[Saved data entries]

<<<<

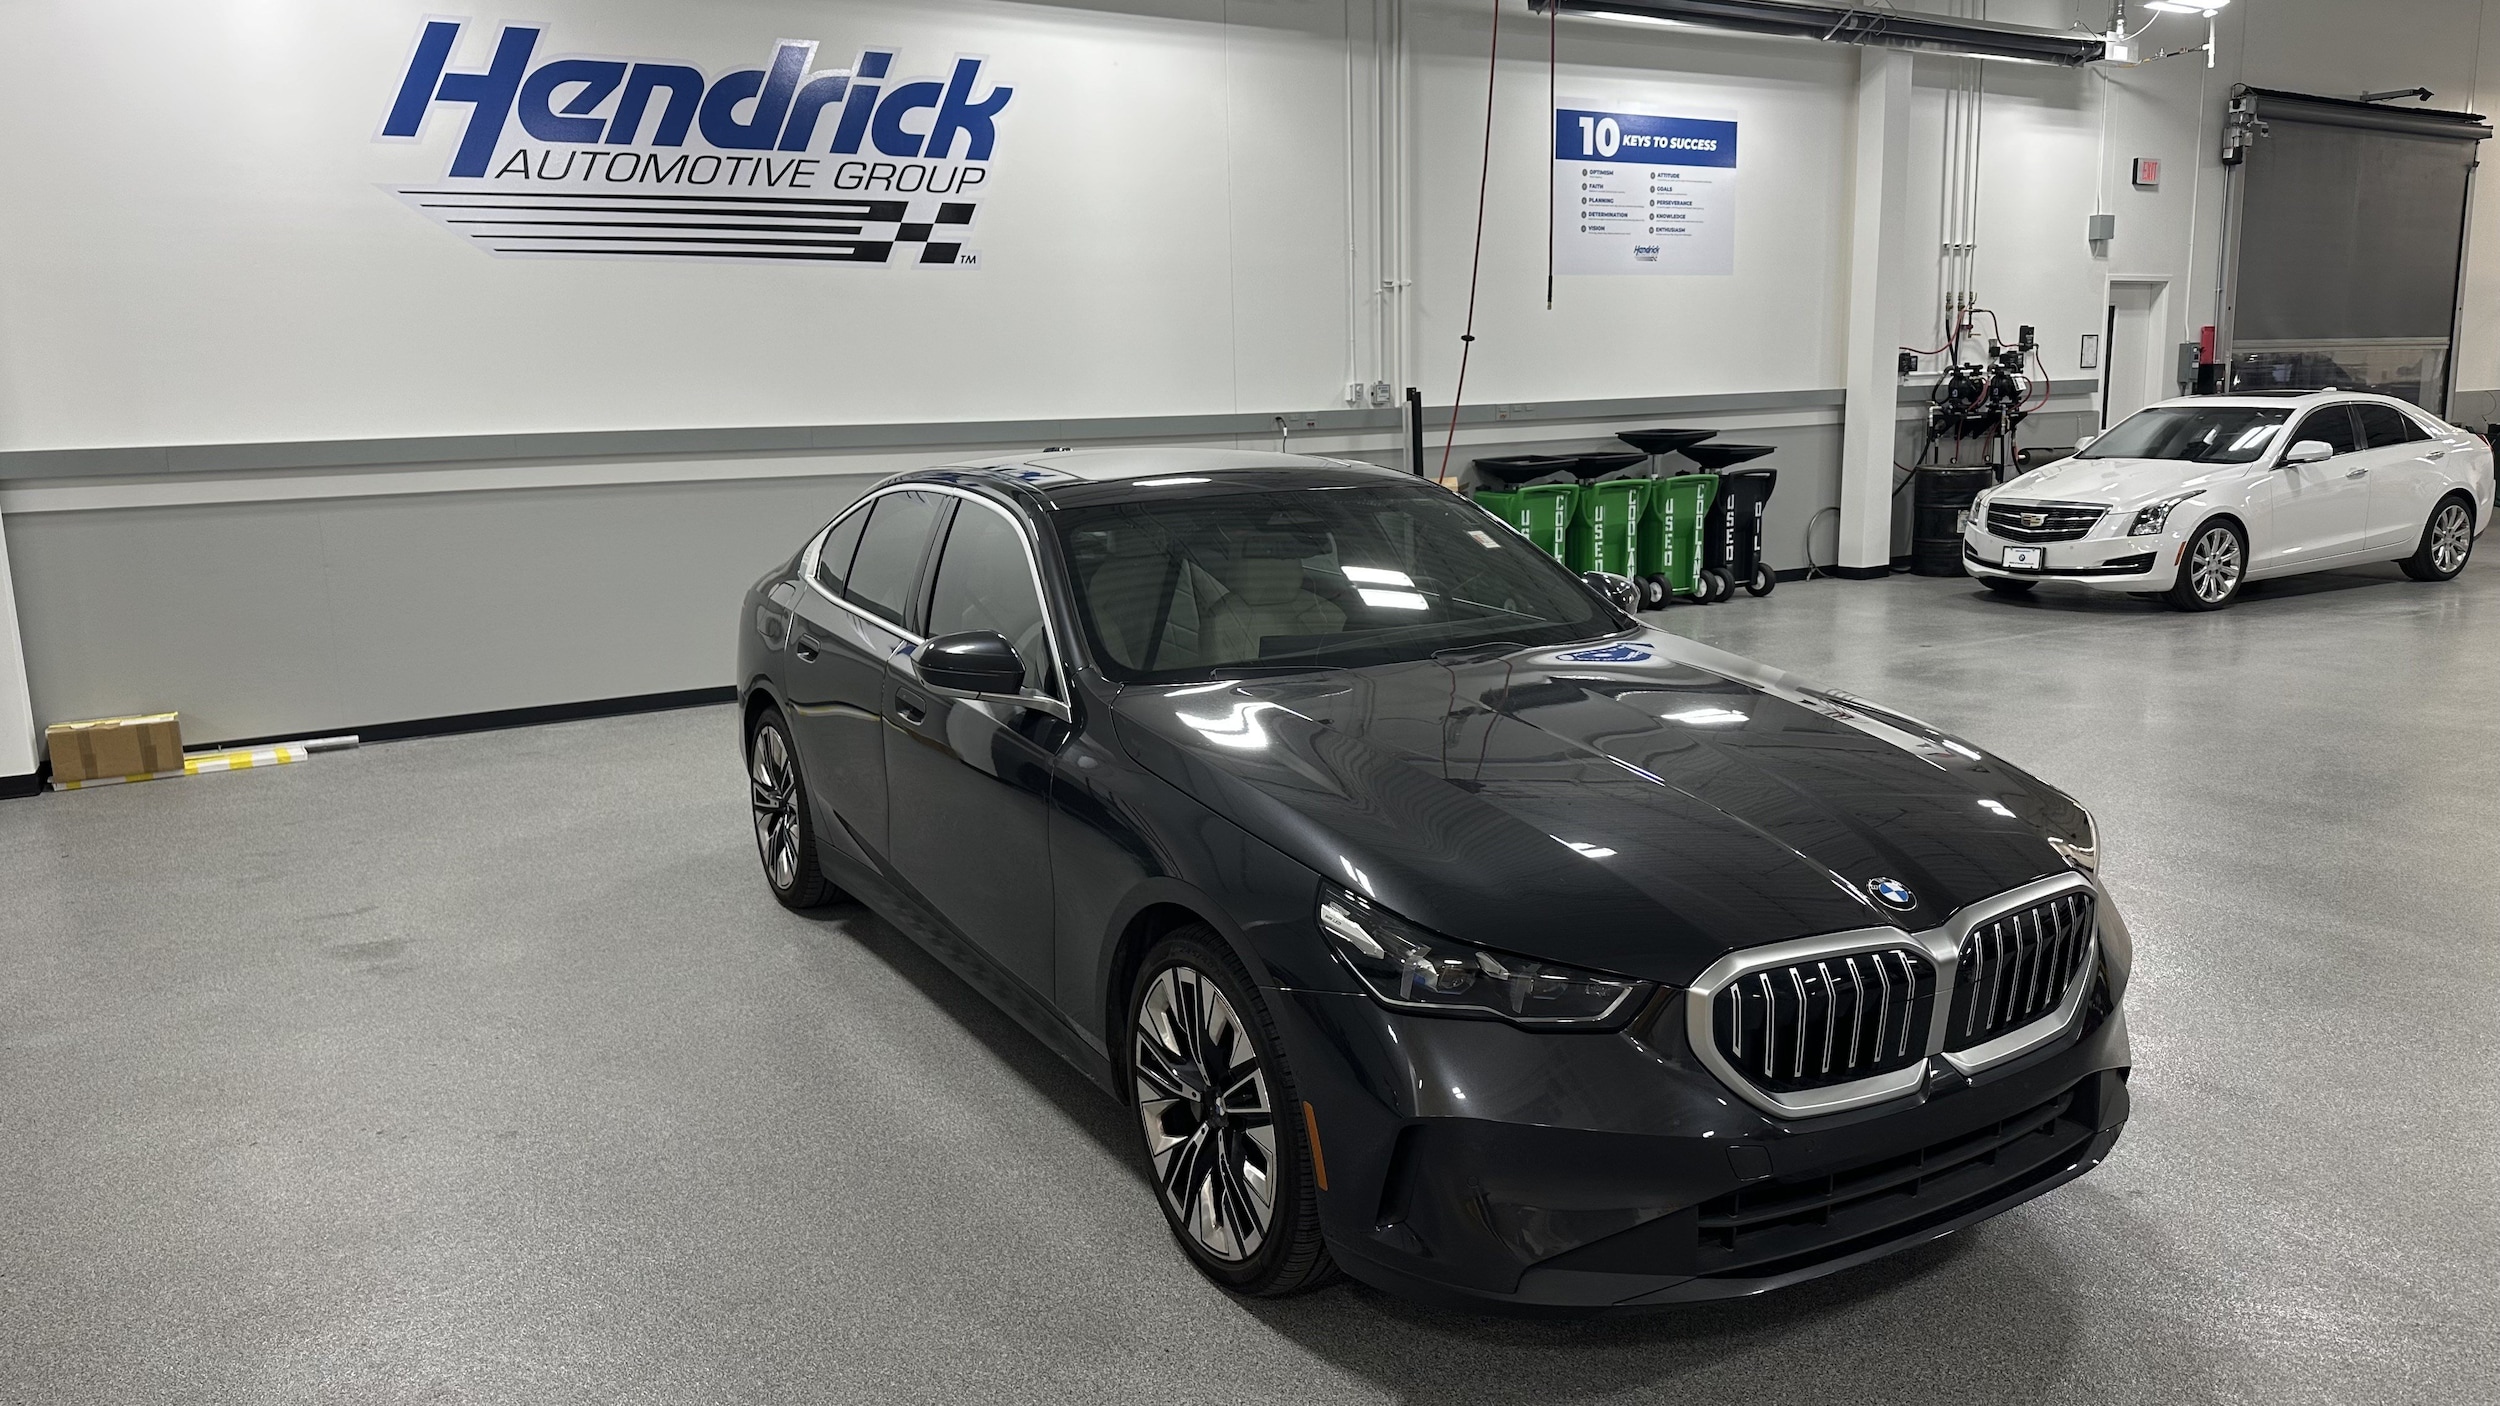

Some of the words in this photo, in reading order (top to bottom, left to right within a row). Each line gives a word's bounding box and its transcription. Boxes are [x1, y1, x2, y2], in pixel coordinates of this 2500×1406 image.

[380, 19, 1014, 179] Hendrick
[1578, 116, 1620, 158] 10
[1622, 134, 1651, 148] KEYS
[1653, 136, 1668, 149] TO
[1669, 137, 1718, 152] SUCCESS
[494, 147, 820, 189] AUTOMOTIVE
[833, 161, 986, 195] GROUP
[2142, 161, 2158, 182] EXIT
[960, 255, 977, 265] TM
[1633, 245, 1661, 256] Hendrick
[1627, 489, 1637, 583] COOLAN
[1664, 498, 1674, 567] USED
[1692, 483, 1705, 590] COOLANT
[1725, 494, 1735, 561] USED
[1753, 501, 1762, 552] OIL
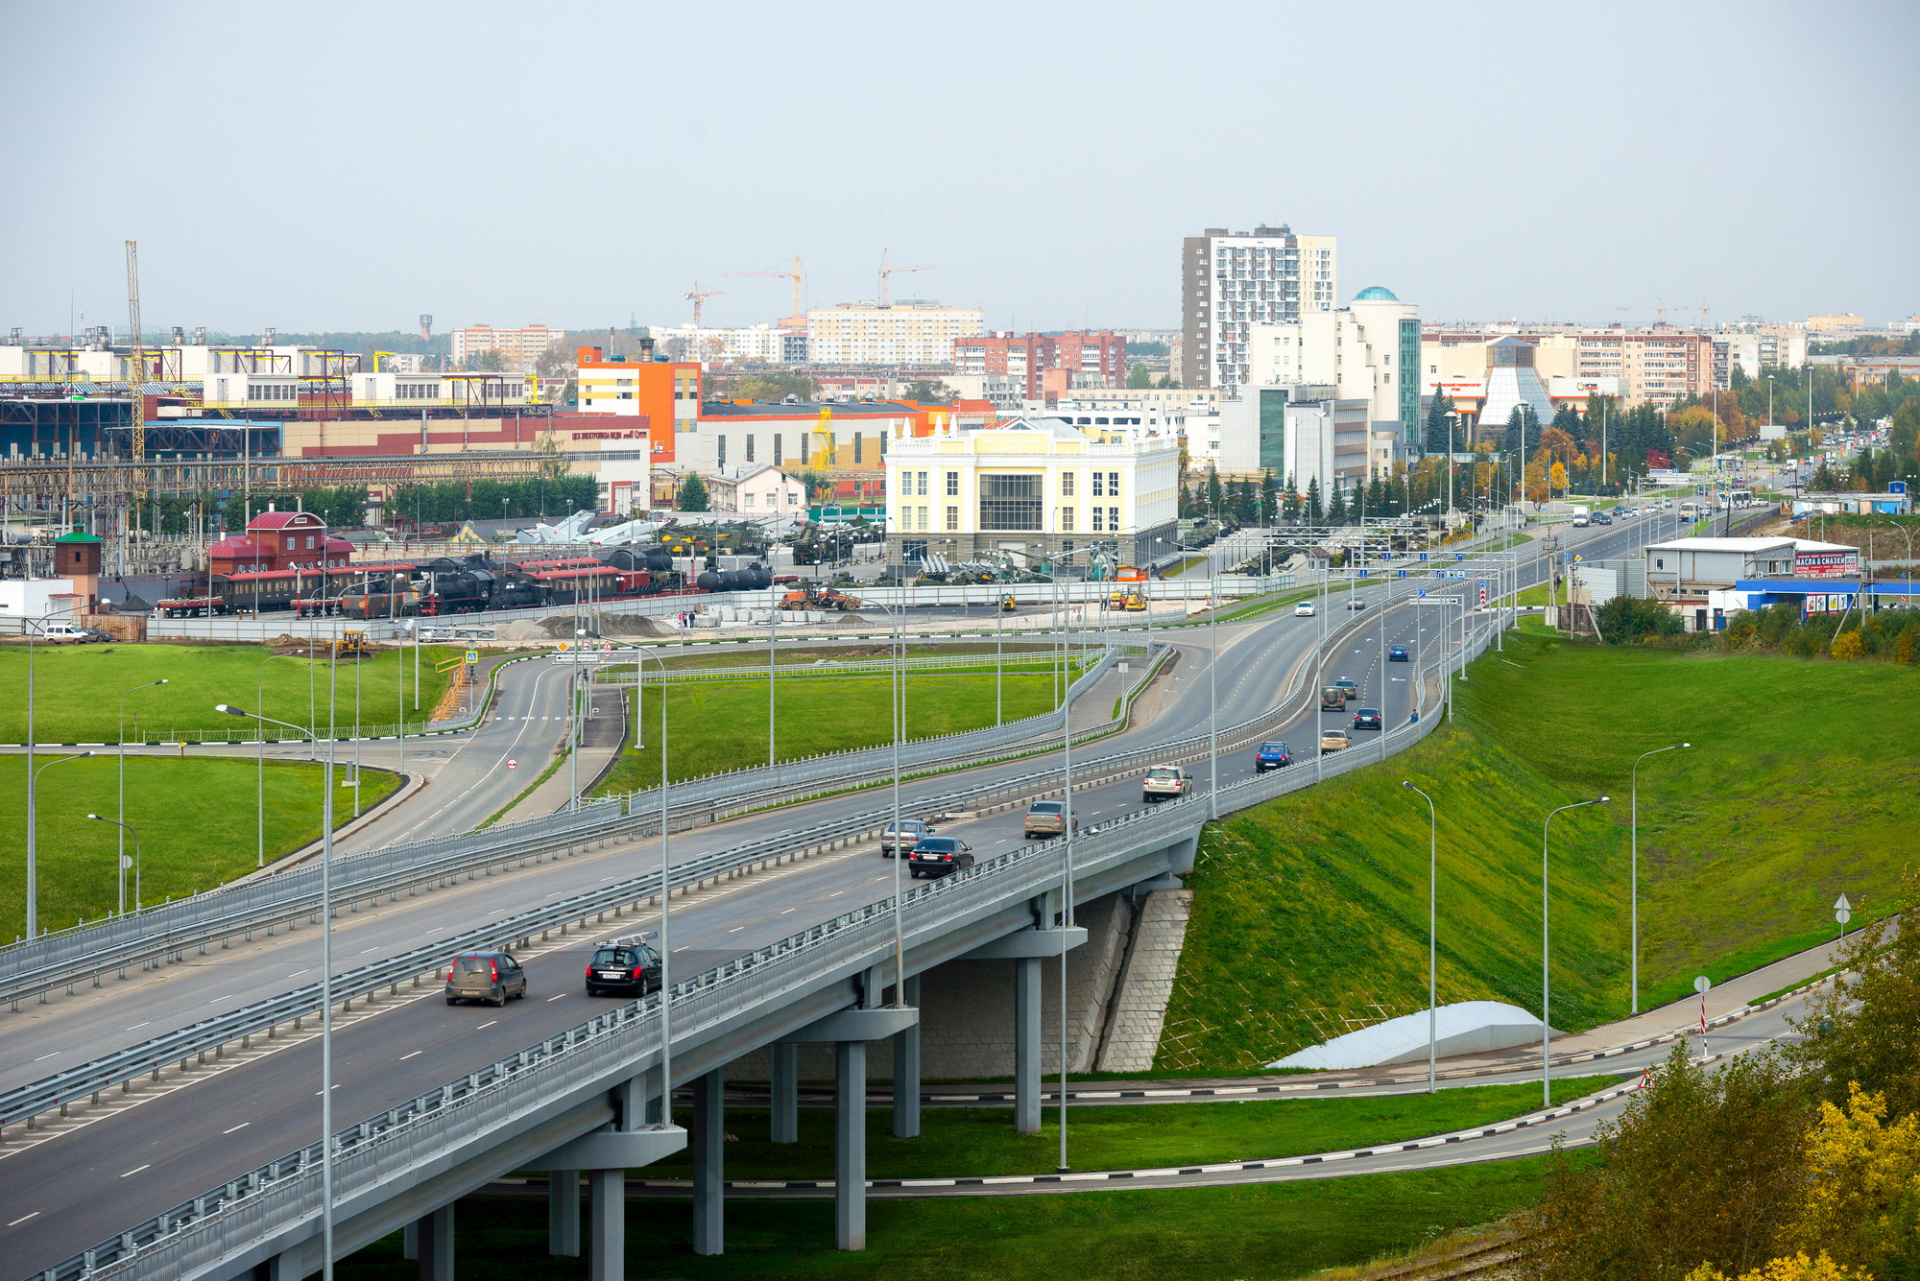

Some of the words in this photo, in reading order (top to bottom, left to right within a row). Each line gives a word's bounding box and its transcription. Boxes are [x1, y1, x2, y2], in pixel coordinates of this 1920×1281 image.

>>>>

**THE PROBLEM:** Would you output the data exactly, without any of its images?

**WRITTEN ANSWER:**
Some of the words in this photo, in reading order (top to bottom, left to right within a row). Each line gives a word's bounding box and its transcription. Boxes are [x1, y1, x2, y2], in pixel coordinates of this 2500×1406 image.

[380, 19, 1014, 179] Hendrick
[1578, 116, 1620, 158] 10
[1622, 134, 1651, 148] KEYS
[1653, 136, 1668, 149] TO
[1669, 137, 1718, 152] SUCCESS
[494, 147, 820, 189] AUTOMOTIVE
[833, 161, 986, 195] GROUP
[2142, 161, 2158, 182] EXIT
[960, 255, 977, 265] TM
[1633, 245, 1661, 256] Hendrick
[1627, 489, 1637, 583] COOLAN
[1664, 498, 1674, 567] USED
[1692, 483, 1705, 590] COOLANT
[1725, 494, 1735, 561] USED
[1753, 501, 1762, 552] OIL

Some of the words in this photo, in reading order (top to bottom, left to right within a row). Each line gives a word's bounding box and its transcription. Boxes are [x1, y1, x2, y2], in pixel coordinates of this 1920×1281 image.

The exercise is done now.